Hohe Mieten machen der Stadt Schwierigkeiten

Ausgaben steigen 2013 auf rund 200 Millionen Euro - CDU fordert Sparkurs

Hamburg . Die Stadt wird in diesem Jahr rund 200 Millionen Euro Miete für die von ihren Mitarbeitern benutzten Räume bezahlen müssen. Das hat eine Anfrage des haushaltspolitischen Sprechers der CDU-Fraktion, Roland Heintze, jetzt ergeben. Allein 137 Millionen Euro entfallen auf die Behörden und die sieben Bezirksämter. Der Rest der Mieten wird für Landesbetriebe und städtische Unternehmen fällig. Noch mehr als über die Gesamtsumme macht sich Heintze Sorgen über die Steigerungsraten. Im Vergleich der Jahre 2011 und 2012 waren die Mieten um 3,7 Prozent gestiegen. "Das ist inakzeptabel", findet Heintze. Vom vergangenen auf dieses Jahr sollen die Mieten erneut um weitere 1,9 Prozent steigen. Allerdings ist das bislang nur eine Schätzung des Senats. Sollte der Trend des vergangenen Jahres anhalten, könnte es deutlich höhere Kostenzuwächse geben. Doch selbst der günstigste Fall von 1,9 Prozent würde für die Stadt zu einem schwerwiegenden Problem. Der Senat hat sich selbst das Ziel gesetzt, die Ausgaben der Stadt insgesamt nur um 0,88 Prozent anwachsen zu lassen. "Was bei den Mieten mehr ausgegeben wird, muss an anderer Stelle gespart werden", so Heintze. Die Rechnung sei sehr einfach. Jede Million Euro mehr für Büros würde an einer anderen Stelle fehlen - und wenn nicht, könnte sie zur Haushaltskonsolidierung eingespart werden.

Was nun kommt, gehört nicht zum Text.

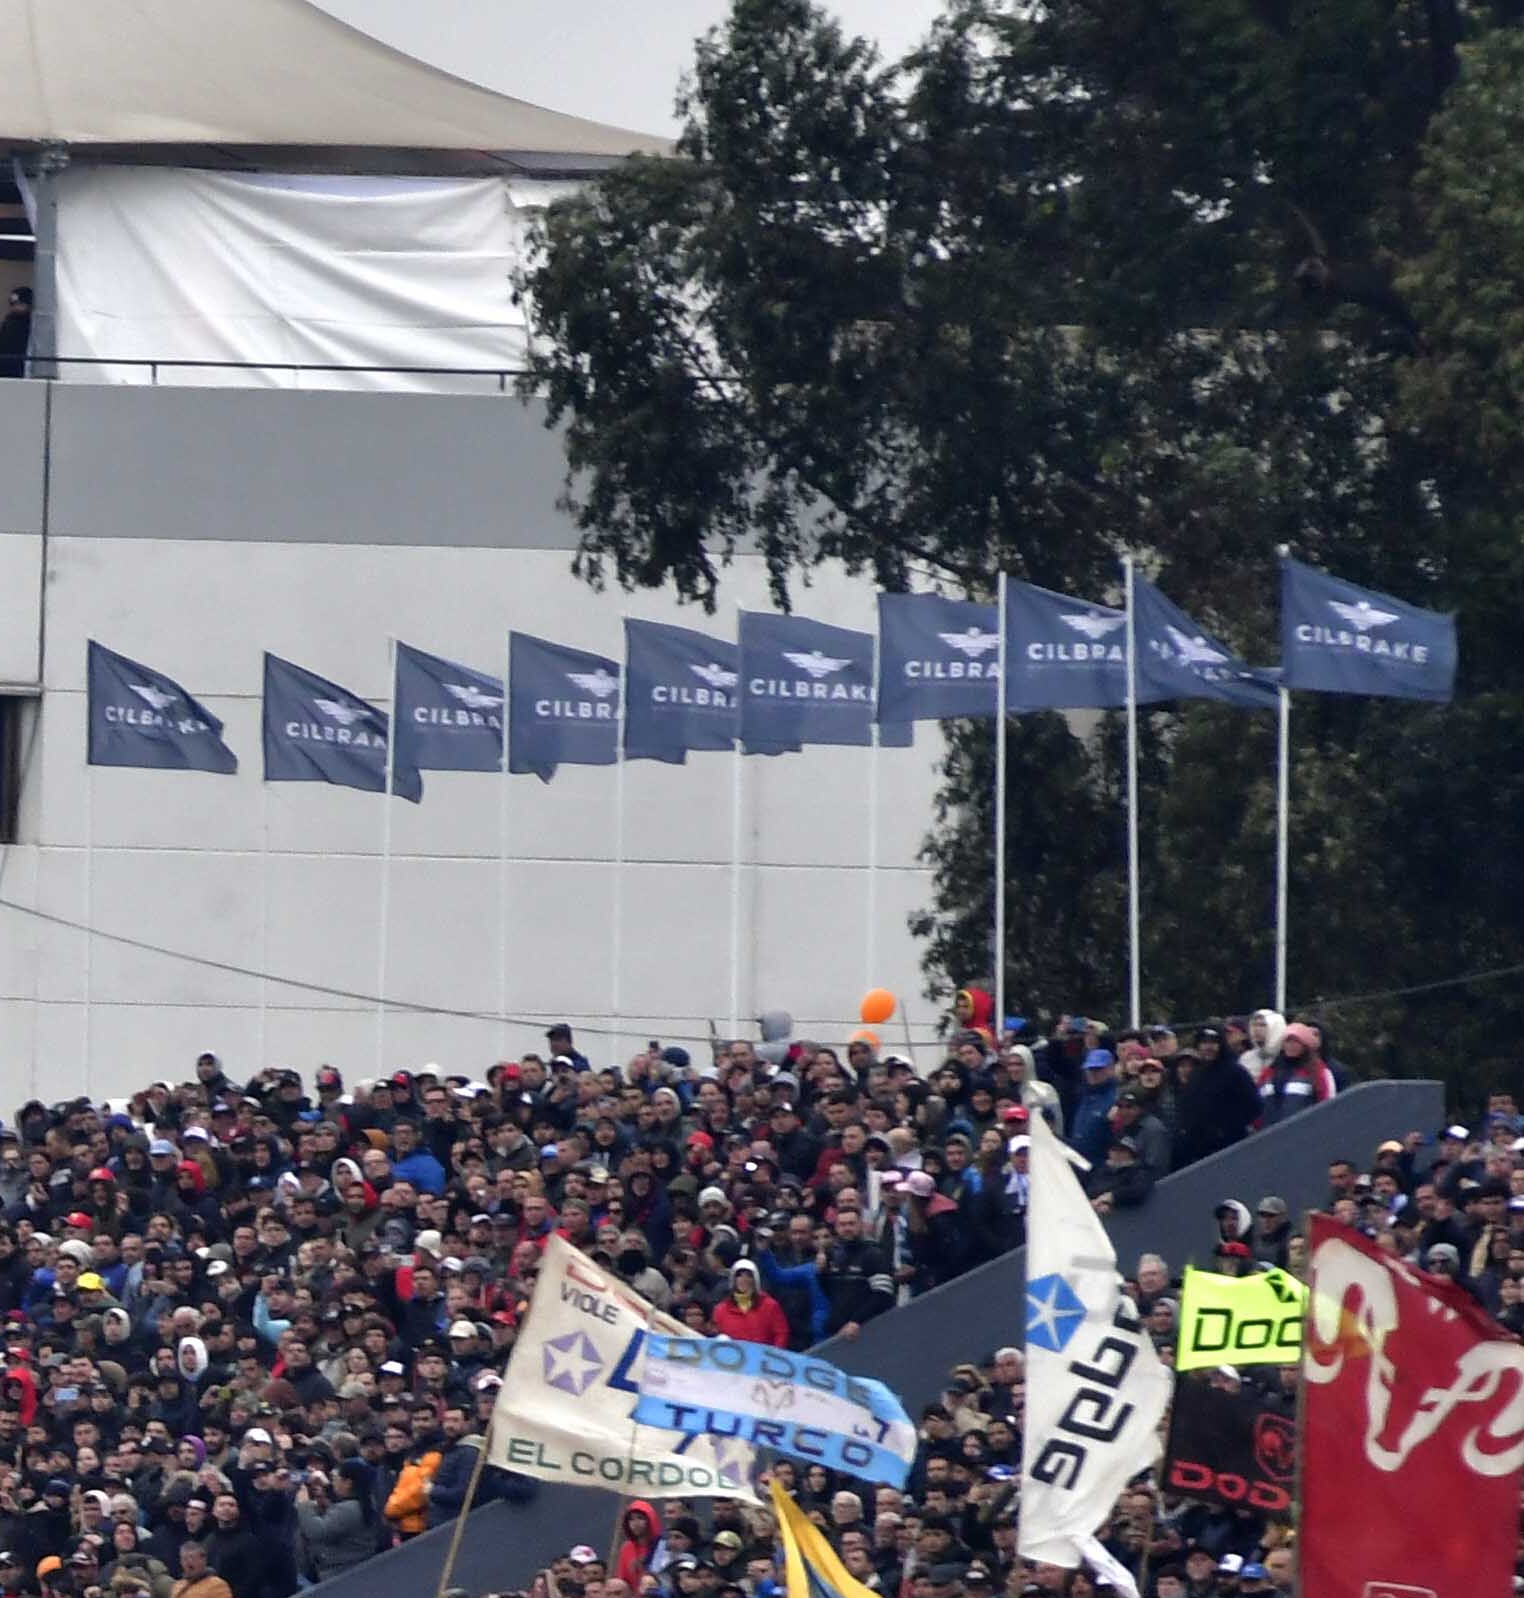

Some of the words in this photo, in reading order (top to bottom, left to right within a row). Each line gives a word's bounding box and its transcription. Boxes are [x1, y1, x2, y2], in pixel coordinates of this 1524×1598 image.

[1296, 623, 1430, 664] CILBRAKE
[508, 1436, 561, 1471] EL
[665, 1402, 874, 1469] TURCO
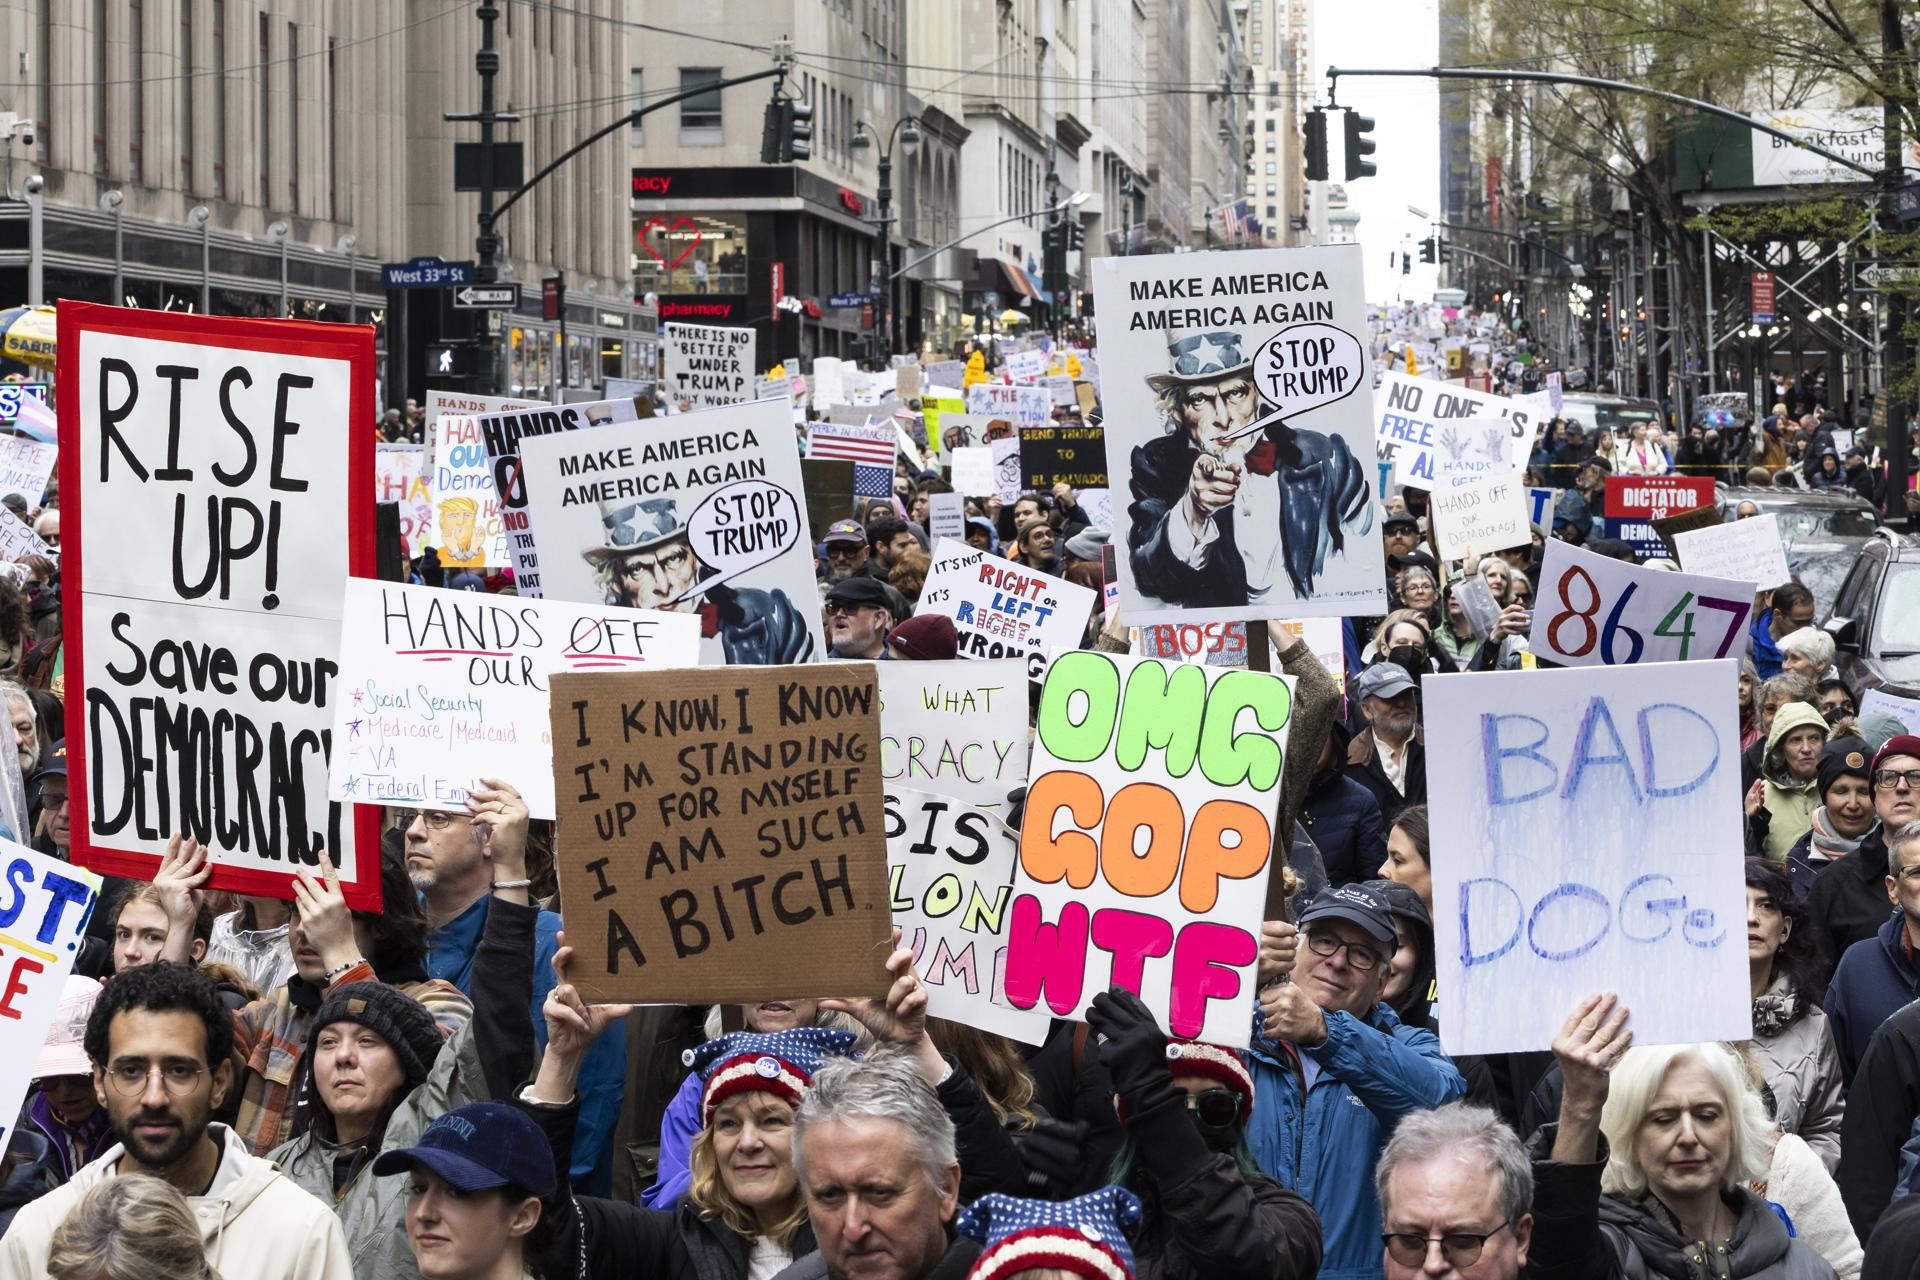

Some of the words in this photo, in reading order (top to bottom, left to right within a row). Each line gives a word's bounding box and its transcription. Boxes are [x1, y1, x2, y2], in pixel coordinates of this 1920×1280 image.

[389, 269, 421, 283] West
[424, 267, 447, 282] 33rd
[450, 267, 464, 281] St
[1130, 277, 1204, 301] MAKE
[1210, 270, 1330, 296] AMERICA
[1867, 270, 1890, 281] ONE
[464, 292, 479, 300] ONE
[488, 291, 507, 300] WAY
[663, 302, 731, 318] pharmacy
[1129, 305, 1247, 331] AMERICA
[1252, 300, 1335, 325] AGAIN
[668, 326, 708, 340] THERE
[711, 330, 725, 343] IS
[730, 332, 750, 344] NO
[689, 358, 741, 373] UNDER
[1269, 337, 1336, 370] STOP
[676, 372, 745, 392] TRUMP
[990, 390, 1018, 404] THE
[1267, 365, 1349, 398] TRUMP
[437, 397, 487, 412] HANDS
[1387, 382, 1423, 413] NO
[1433, 393, 1484, 419] ONE
[100, 357, 314, 492] RISE
[1023, 429, 1054, 441] SEND
[1061, 428, 1104, 440] TRUMP
[1379, 413, 1434, 447] FREE
[559, 447, 634, 477] MAKE
[641, 428, 760, 464] AMERICA
[1057, 449, 1075, 460] TO
[1443, 461, 1492, 471] HANDS
[561, 471, 680, 507] AMERICA
[686, 457, 767, 488] AGAIN
[1031, 474, 1047, 486] EL
[714, 489, 781, 526] STOP
[1436, 490, 1481, 514] HANDS
[1488, 484, 1508, 504] OFF
[1623, 487, 1697, 508] DICTATOR
[503, 511, 529, 532] NO
[705, 518, 788, 556] TRUMP
[1620, 524, 1661, 541] DEMO
[172, 492, 281, 611] UP!
[935, 557, 960, 575] IT'S
[962, 552, 984, 568] NOT
[979, 563, 1047, 601] RIGHT
[1043, 597, 1058, 609] OR
[383, 588, 543, 650] HANDS
[927, 589, 950, 605] IT'S
[956, 600, 1031, 642] RIGHT
[1028, 638, 1041, 648] OR
[991, 592, 1053, 628] LEFT
[1155, 620, 1246, 658] BOSS
[105, 612, 238, 694] Save
[249, 652, 339, 708] our
[469, 655, 549, 692] OUR
[362, 679, 411, 714] Social
[418, 685, 483, 723] Security
[571, 699, 591, 748] I
[621, 694, 727, 743] KNOW,
[734, 687, 753, 735] I
[778, 681, 873, 727] KNOW
[923, 683, 1005, 715] WHAT
[1038, 651, 1292, 792] OMG
[369, 745, 397, 771] VA
[574, 758, 654, 803] I'M
[677, 732, 868, 786] STANDING
[1480, 695, 1721, 808] BAD
[362, 772, 428, 800] Federal
[594, 801, 637, 841] UP
[658, 786, 721, 827] FOR
[741, 767, 861, 815] MYSELF
[585, 856, 617, 902] I
[644, 827, 726, 881] AM
[757, 801, 866, 858] SUCH
[1019, 770, 1271, 914] GOP
[606, 908, 647, 975] A
[1003, 894, 1258, 1040] WTF

"Die Mietausgaben steigen zu stark an", findet Heintze. Die Entwicklung der Mietausgaben sei ein guter Indikator, ob Hamburg seine Büroflächen ausgeweitet habe beziehungsweise ob die Stadt sie effizient nutze. Durch ein effizienteres Management könnte durchaus Steuergeld gespart werden. "Da aber auch dieses Jahr wieder fast 800 Vollzeitkräfte in der Verwaltung aufgebaut wurden, führt das zu immer mehr Raumbedarf." Aus Heintzes Sicht lasse der Senat sein Versprechen von der soliden Haushaltsführung uneingelöst. Die CDU-Fraktion fordert daher, dass der Senat die Standorte der Behörden und Diensträume dahingehend überprüft, "ob man wirklich jeden Standort braucht, den man hat".

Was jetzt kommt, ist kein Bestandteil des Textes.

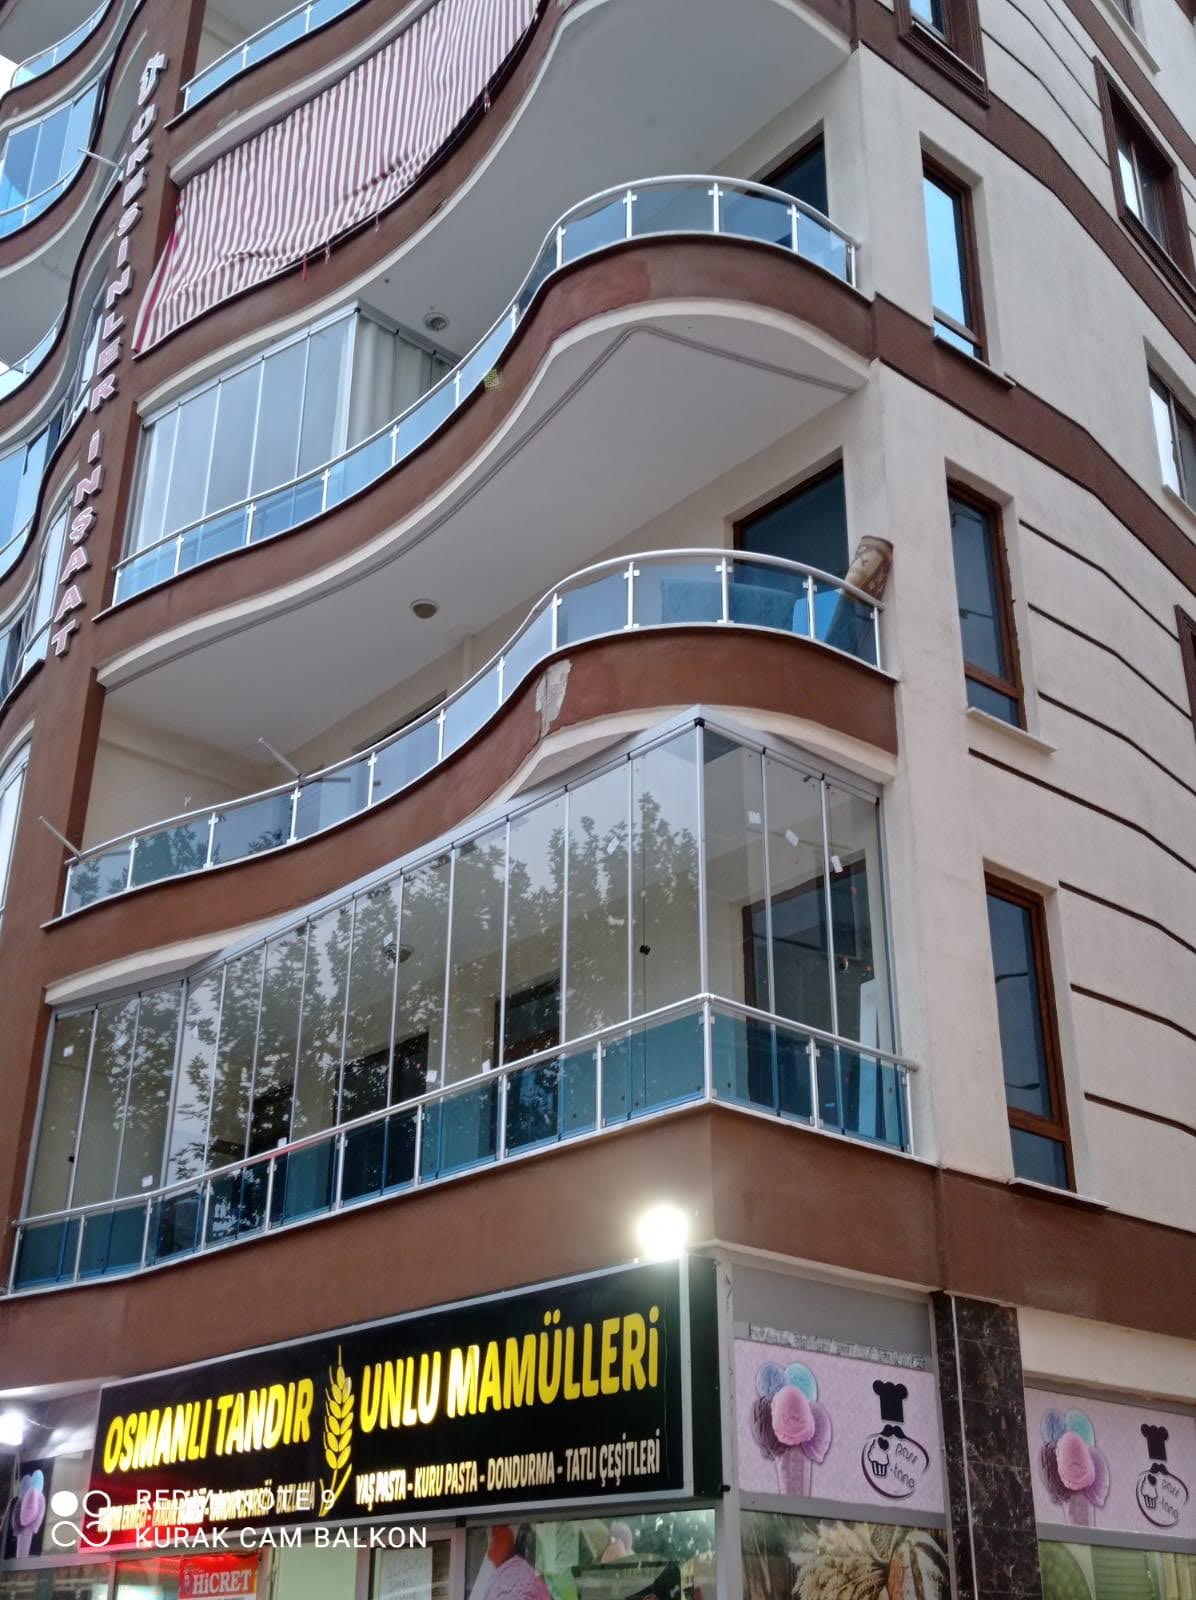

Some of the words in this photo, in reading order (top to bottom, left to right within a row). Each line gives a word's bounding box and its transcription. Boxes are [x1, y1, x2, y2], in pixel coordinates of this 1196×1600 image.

[103, 1398, 213, 1474] OSMANLI
[215, 1378, 315, 1456] TANDIR
[359, 1350, 442, 1433] UNLU
[413, 1463, 444, 1499] KURU
[444, 1459, 479, 1495] PASTA
[486, 1450, 555, 1491] DONDURMA
[565, 1444, 598, 1483] TATLI

"Ja, der Bestand an Büroflächen ist viel zu hoch", bestätigt Daniel Stricker, Sprecher der Finanzbehörde. "Diesen hat der Senat als eine von vielen Altlasten von Schwarz-Grün übernommen." Seit Amtsantritt bemühe sich der Senat, die Zahl der Büros zu verkleinern, zum Beispiel durch Aufgabe ganzer Standorte wie bei Flächen der Finanzbehörde am Rödingsmarkt, durch eine Konzentration von Behörden an einem Standort, wie es für die Umweltbehörde geplant ist, oder durch den Umzug in günstigere Gebäude. Dieser Prozess werde kontinuierlich fortgeführt.

Nach zwei Jahren an der Regierung könne die SPD nicht immer noch versuchen, alles auf den Vorgängersenat zu schieben, hält CDU-Politiker Roland Heintze dagegen. Der Senat nutze die ihm gegebenen Spielräume nicht, da liege der Fehler. Heintze kündigte an, seine Fraktion werde die Mietentwicklung in Zukunft kritisch im Auge behalten.